Season 1 experimented with character-themed vignettes, storylines that complimented each other like verses from an epic poem, and won Glover two Emmys and two Golden Globes. "Atlanta" is one of the only shows on TV where its characters continue to narratively develop without the audience knowing exactly how and why. It's a show that develops its ethos in lieu of linearity, and its characters are known so long as they are onscreen.
Glover took a brief hiatus from filming "Atlanta" after being cast as Lando Calrissian in the upcoming "Solo: A Star Wars Story" and touring his funkadelic soul album, "Awaken, My Love!." He also became a father—he's busy these days, partnering with his brother on another FX release, an animated series of Marvel's "Deadpool." Season 1 of "Atlanta" aired in 2016 and the long-awaited new season, "Atlanta: Robbin' Season," is two episodes in, and the show's signature dreamy spell is even more refined. The new season's subtitle refers to the city's surge of theft-related crimes during the holiday season: The first and second episode kick off with robberies, shootings, and gift card scams at the local mall, setting a darker tone compared to Season 1.
This time around, "Robbin' Season" probes success through a thematic examination of status. Alfred (Brian Tyree Henry), known locally as rapper Paper Boi, has garnered radio and club play following his first single in Season 1, but his newfound fame is a type of currency he's not economically/socially equipped to handle. Not entirely rich, nor entirely poor, Alfred cannot afford the luxuries of anonymity: having a weed dealer who doesn't sneak pictures for the 'Gram; security so he's not held at gunpoint; a manager who's not homeless; a house that's not in the hood. Status, alone, hasn't changed the quality of his life but the circumstances in which he's at risk.

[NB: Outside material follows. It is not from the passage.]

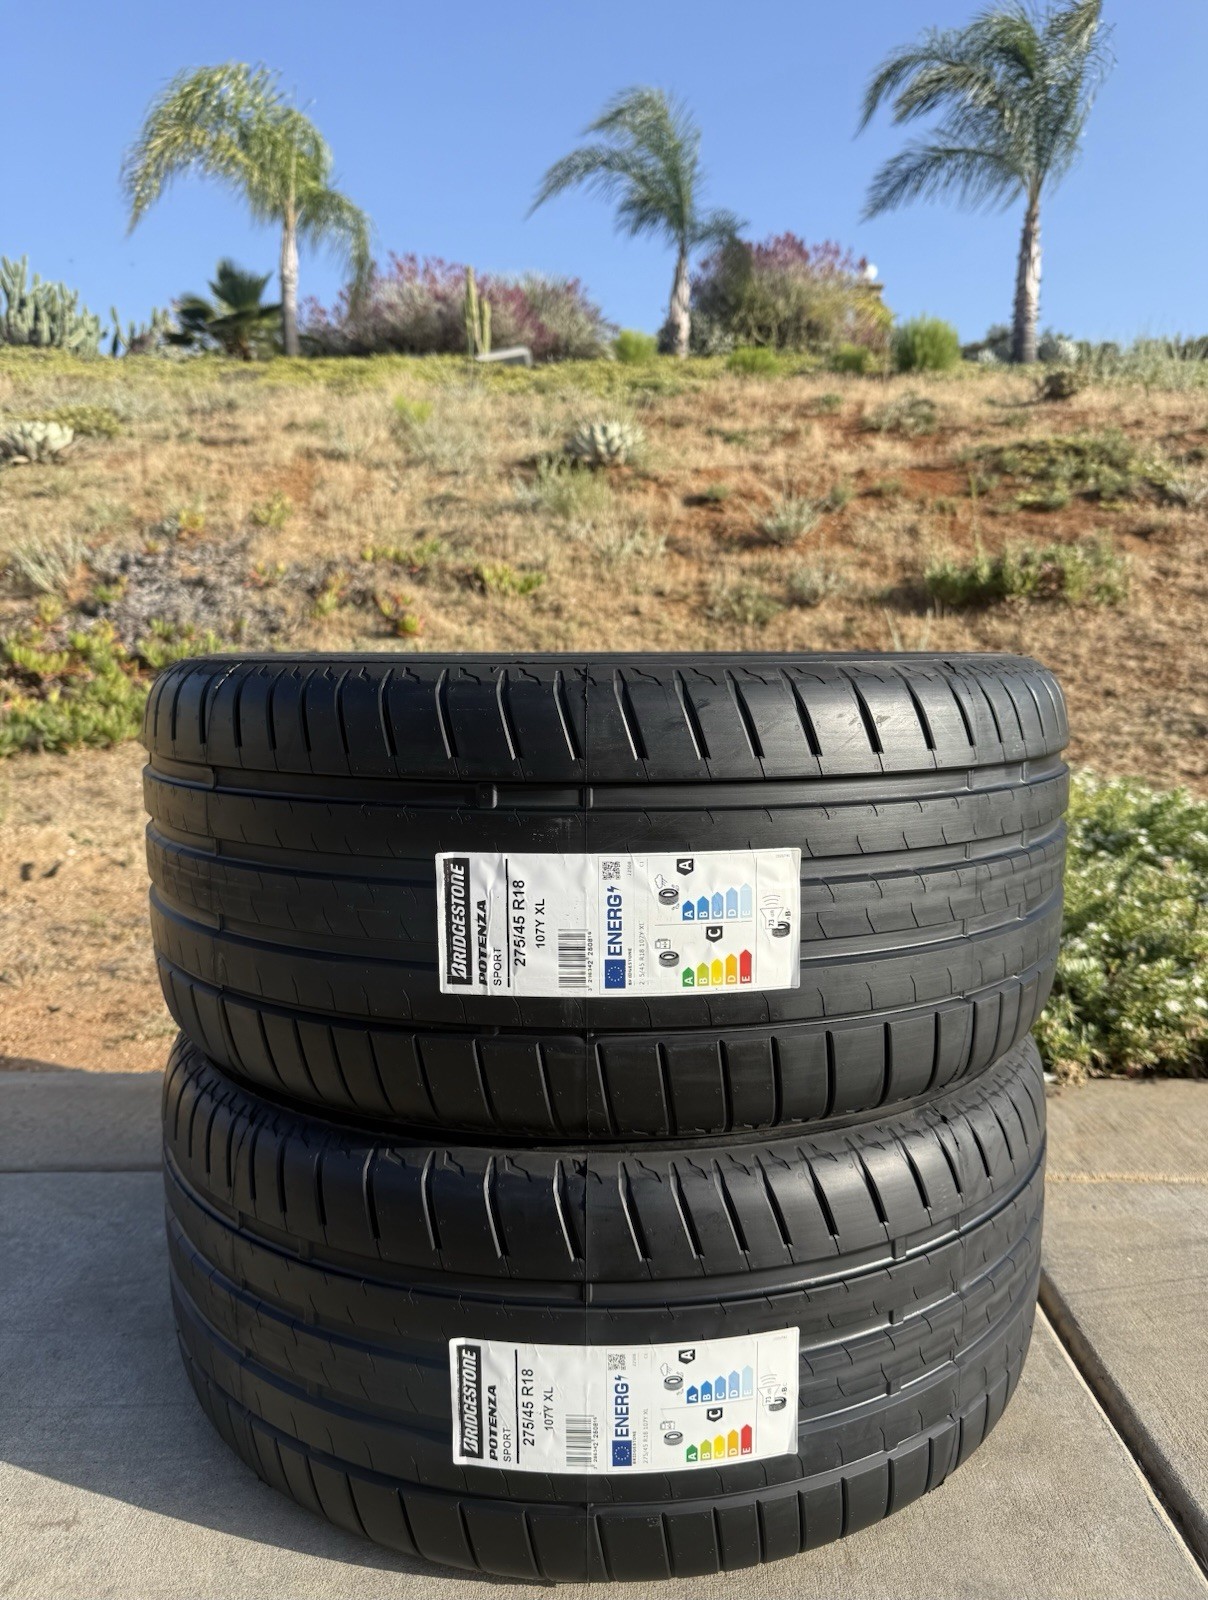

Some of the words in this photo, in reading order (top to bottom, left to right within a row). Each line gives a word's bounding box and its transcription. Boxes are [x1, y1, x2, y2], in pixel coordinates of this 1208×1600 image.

Likewise, Earn (Donald Glover) questions his resourcefulness and disposability as a "manager," and Darius (Lakeith Stanfield) remains perplexed by his cosmic erudition, courtesy of weed and good vibes. Van (Zazie Beetz), Earn's on-and-off girlfriend, supports Earn when she's not plagued with the same frustration and disappointment that initially broke them up. The looming feeling that everything, at any a given moment, can crash and burn is what makes "Atlanta" such a slow-burning, intense watch; a claustrophobic energy envelops the characters, whose ambitions are delicately tethered to communities they simply cannot integrate into. A wise Snoop Dogg once said, "You can take your boy out the hood but you can't take the hood / out the homie." Paper Boi is learning this lesson in real time.
"Robbin' Season" is taking a closer look at the interpersonal disparity between friendship and business and the absurdity of being black and human in America. At its heart, "Atlanta" is a show about humanity, how people survive and the lunacy of survival and life itself. Often described as lucid, surreal, artful, (and a handful of other adjectives reserved for shows that deviate from traditional sitcoms, comedies, and dramas) "Atlanta" casts its spell again in Season 2, a hallucinatory dance with all the good and bad of humanity, and just how funny it all is when you really sit down to think about it.
'Atlanta Robbin' Season'FX
POP⚡ DUST Score: ⚡⚡⚡⚡⚡
Shaun Harris is a poet, freelance writer, and editor published in avant-garde, feminist journals. Lover of warm-toned makeup palettes, psych-rock, and Hilton Als. Her work has allowed her to copyedit and curate content for various poetry organizations in the NYC area.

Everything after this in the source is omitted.